History's final judgments may be shaped by two monumental decisions that loom in the coming weeks, if not sooner.

The frantic news of the last day or so only makes it more likely that Trump and his unqualified, handpicked acting attorney general Matthew Whitaker will move — no matter how awkwardly or unconstitutionally — against Mueller. The first step — as suggested by Manafort's refusal to play ball with Mueller — could be a Trump pardon of his former campaign manager, which would trigger the biggest constitutional crisis since the Civil War and all but ensure the president's impeachment when the new Democratic-led House is inaugurated in January.

But equally hard decisions await Mueller — who may or may not, anticipating his dismissal or Trump pardons, have scattered secret indictments or giant breadcrumbs of evidence with state prosecutors in New York — and, more importantly, House Democrats all but certain to be led by a second speakership of Nancy Pelosi.

It seems clear that the Democrats — who found that barely mentioning Trump's impeachment during the midterms was a winning strategy — had a plan to use their newfound committee subpoena powers to investigate the White House and expose its secrets for two years while their ideal 2020 candidate emerged from a secret trap door somewhere.

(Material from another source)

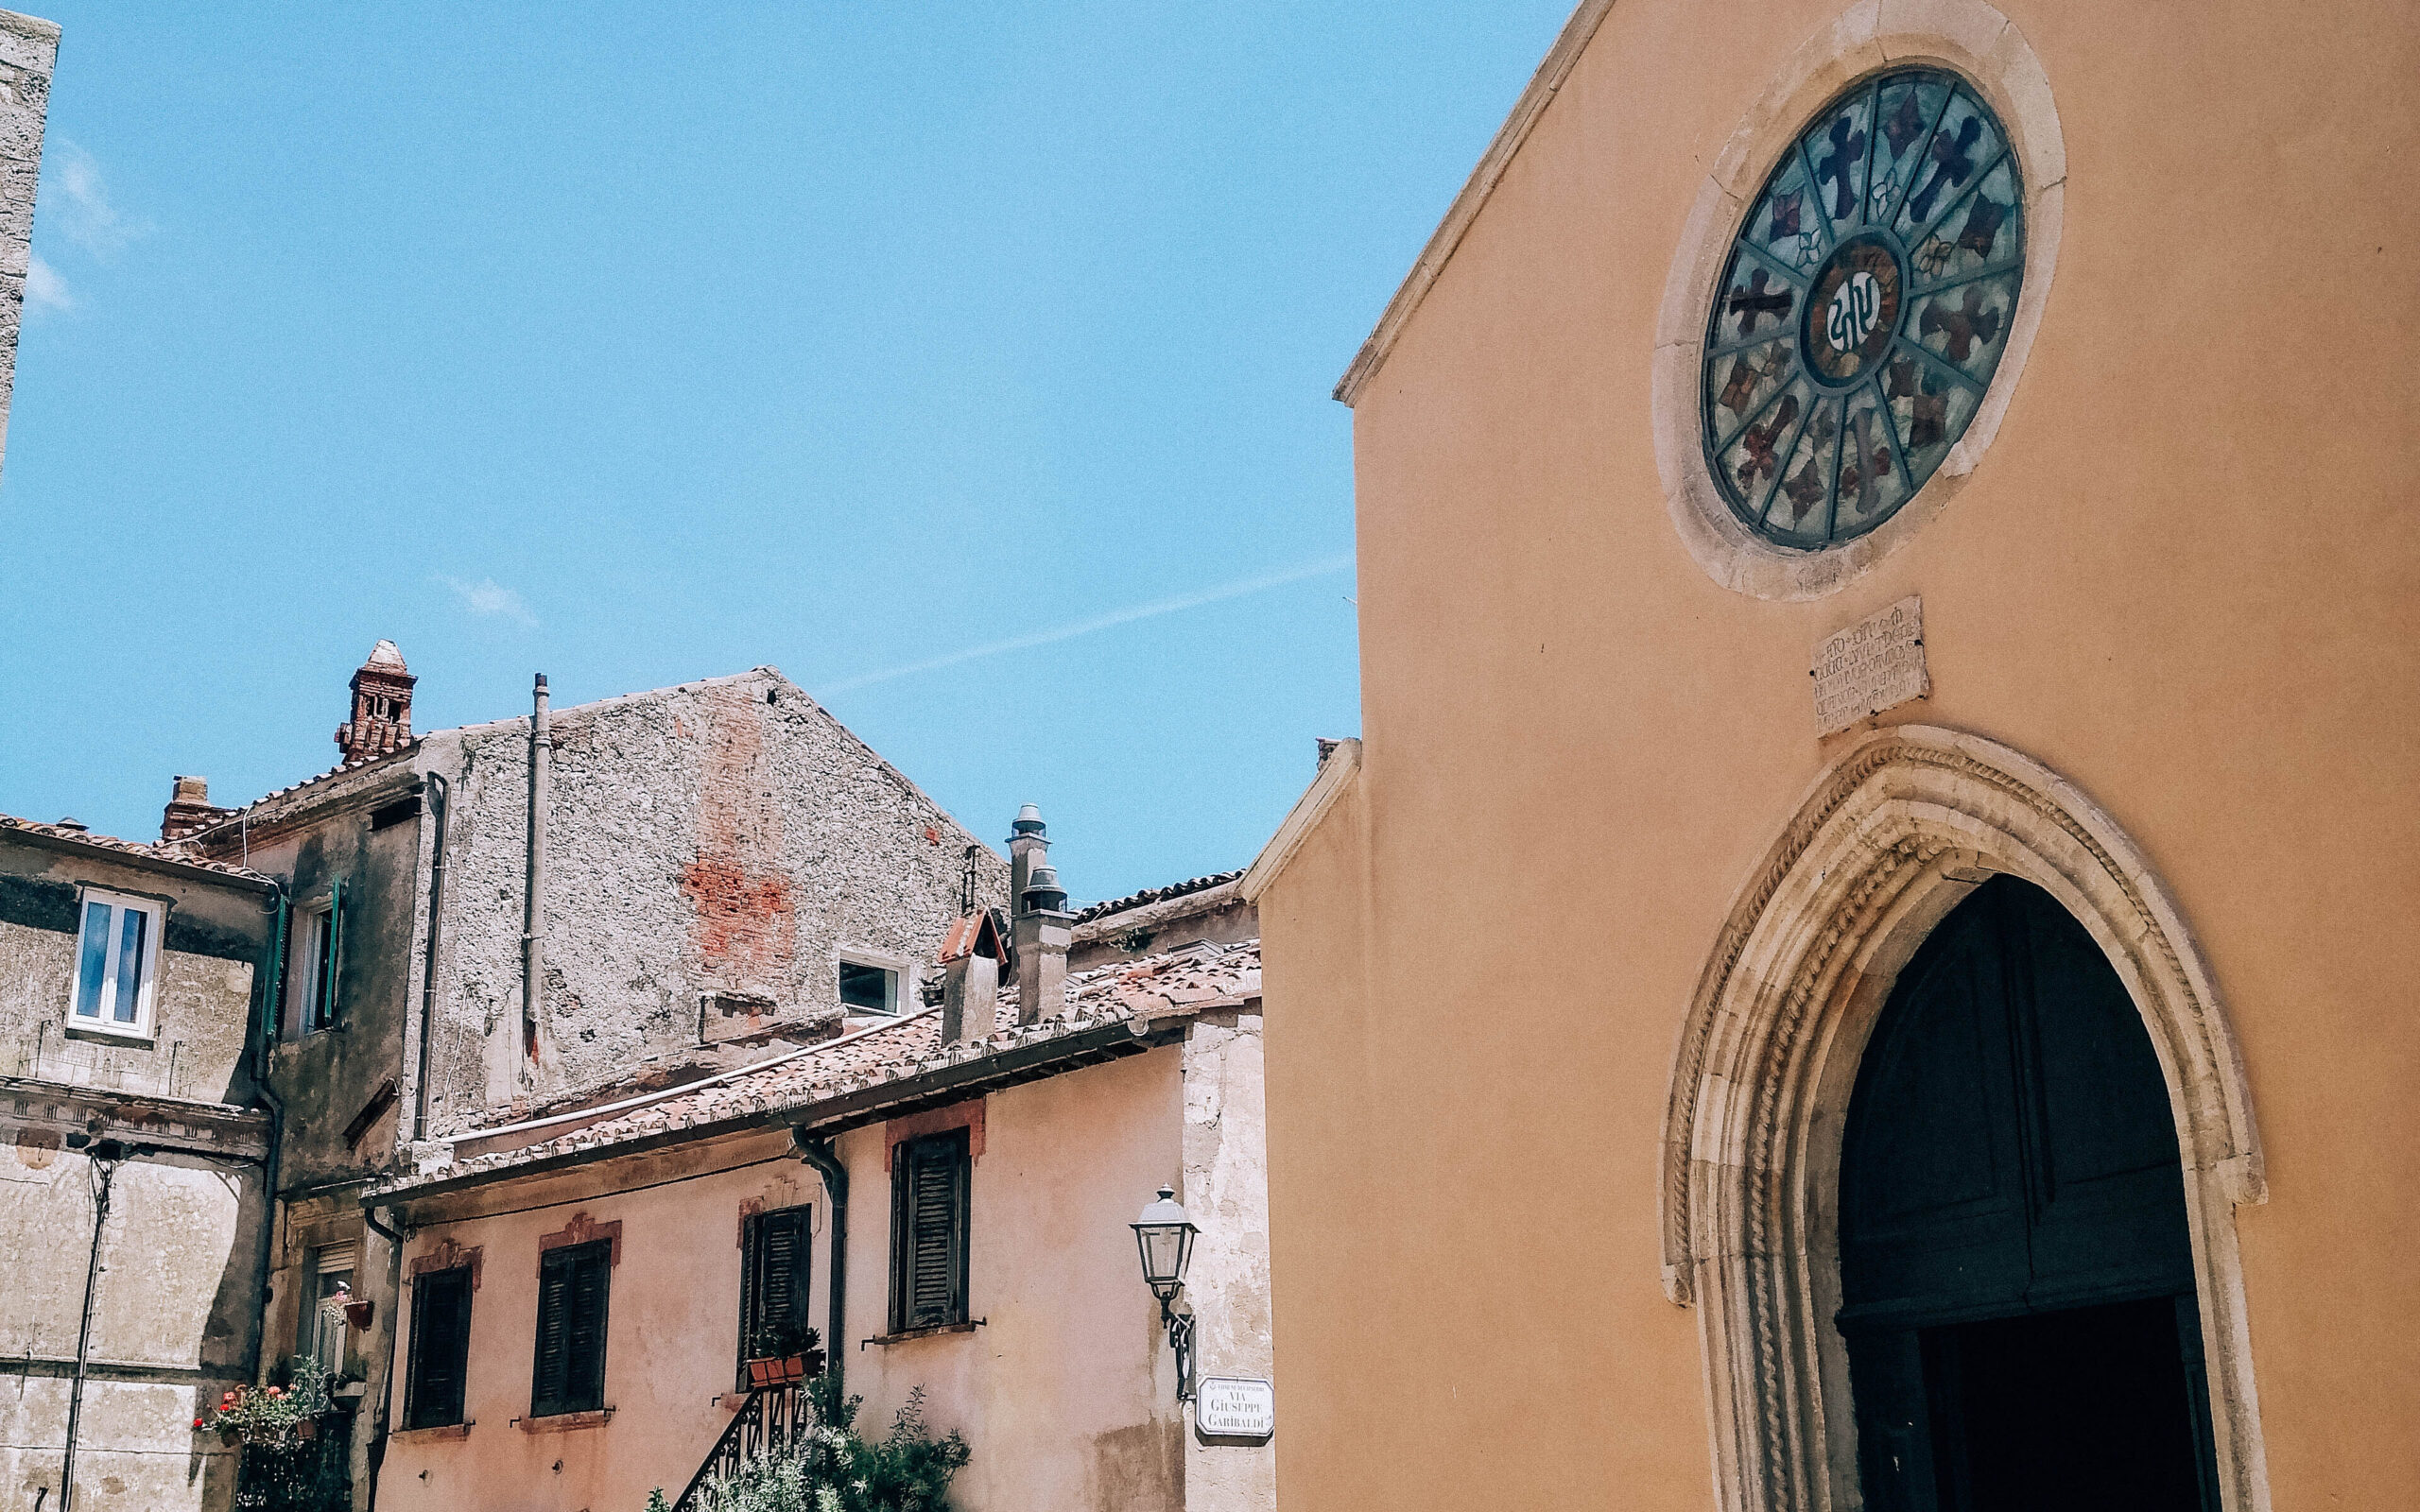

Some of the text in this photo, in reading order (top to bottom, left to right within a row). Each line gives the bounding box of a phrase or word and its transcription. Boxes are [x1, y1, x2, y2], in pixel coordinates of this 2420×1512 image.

[1230, 1391, 1246, 1401] VIA
[1211, 1399, 1263, 1413] GIUSEPPE
[1208, 1413, 1264, 1429] GARIBALDI
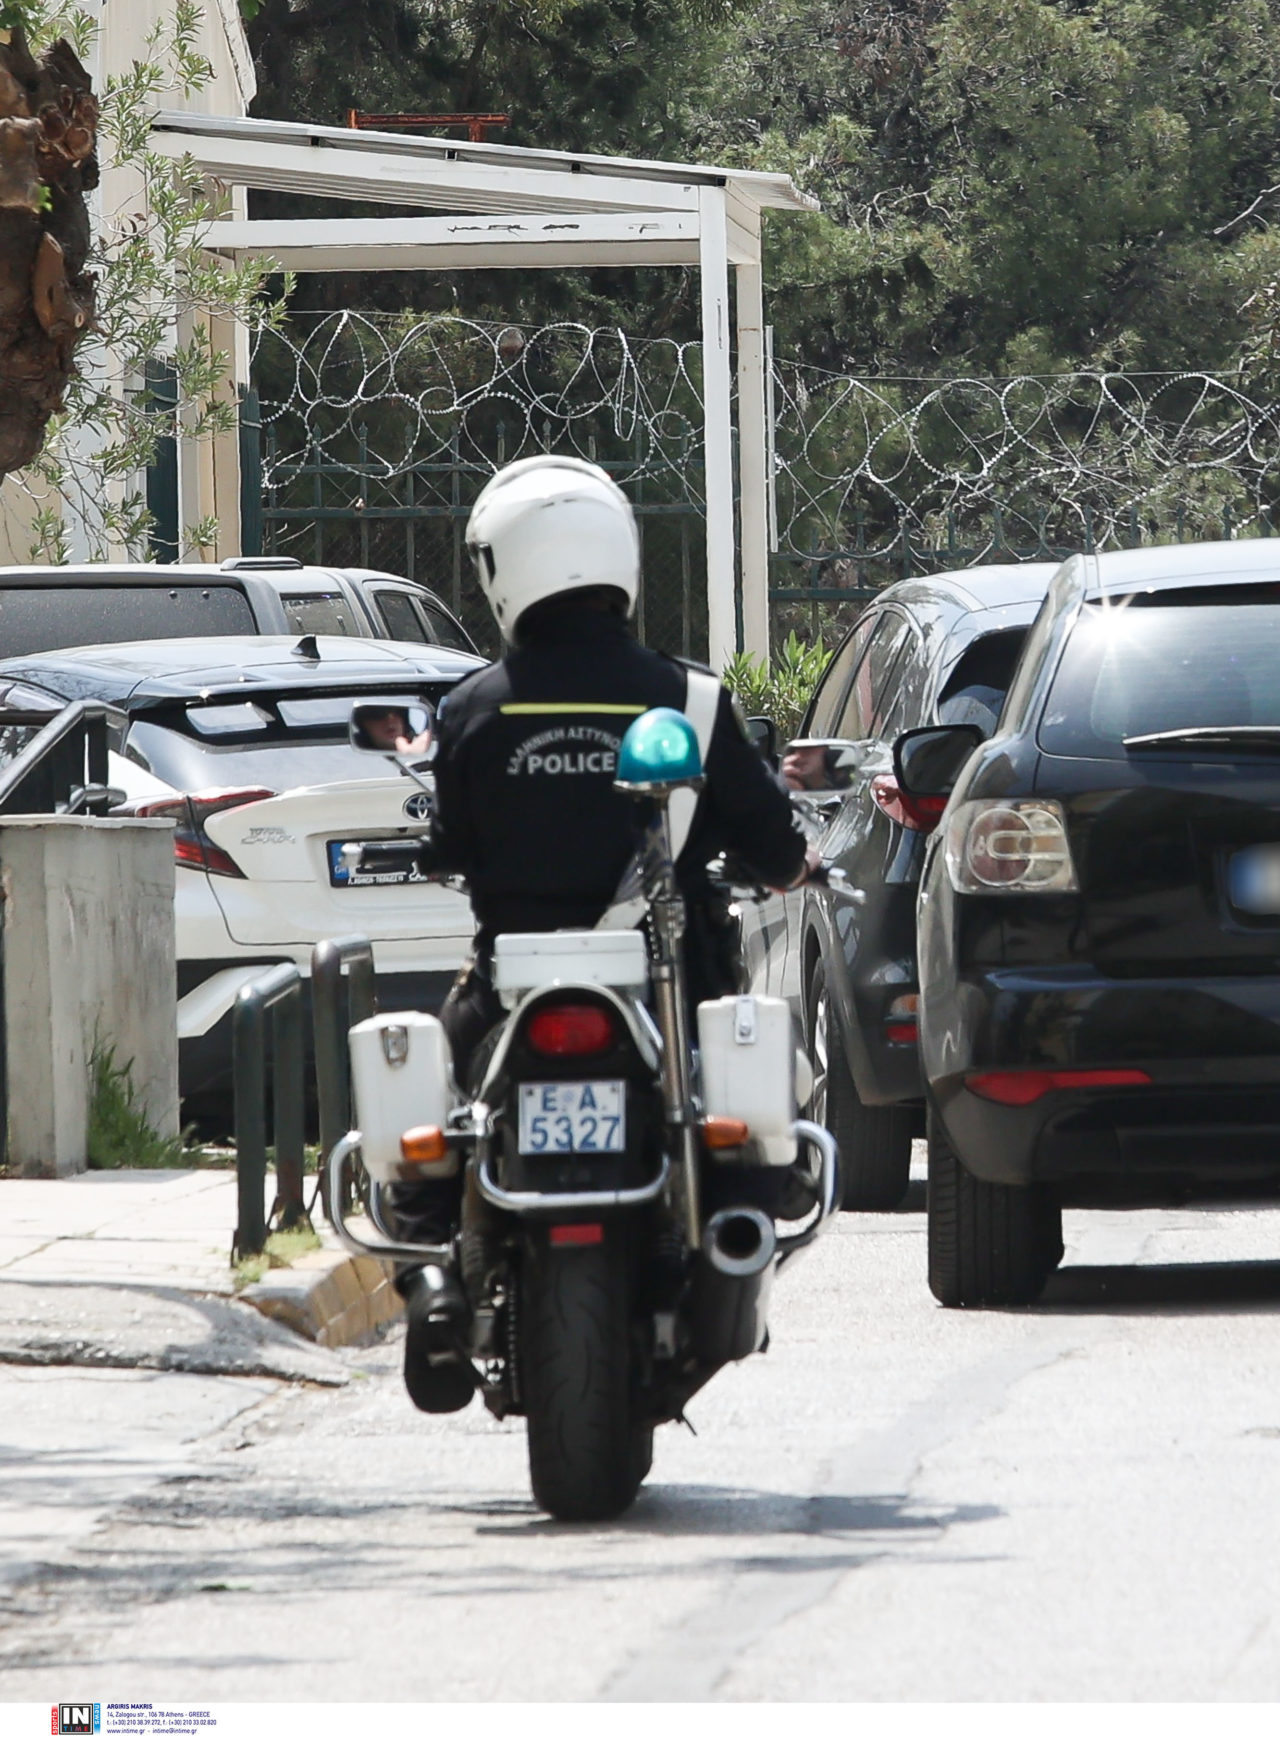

The problem with that go-slow approach is that the time could soon come when the danger posed to democracy by the illegitimacy of a continuing Trump presidency becomes so great that drastic, outside-the-box, let-the-chips-fall-where-they-may action is required, or there won't really be much of a democracy left to preserve by the 2020 election. This explosive November surprise should force lawmakers to seriously ask themselves: Are we there yet?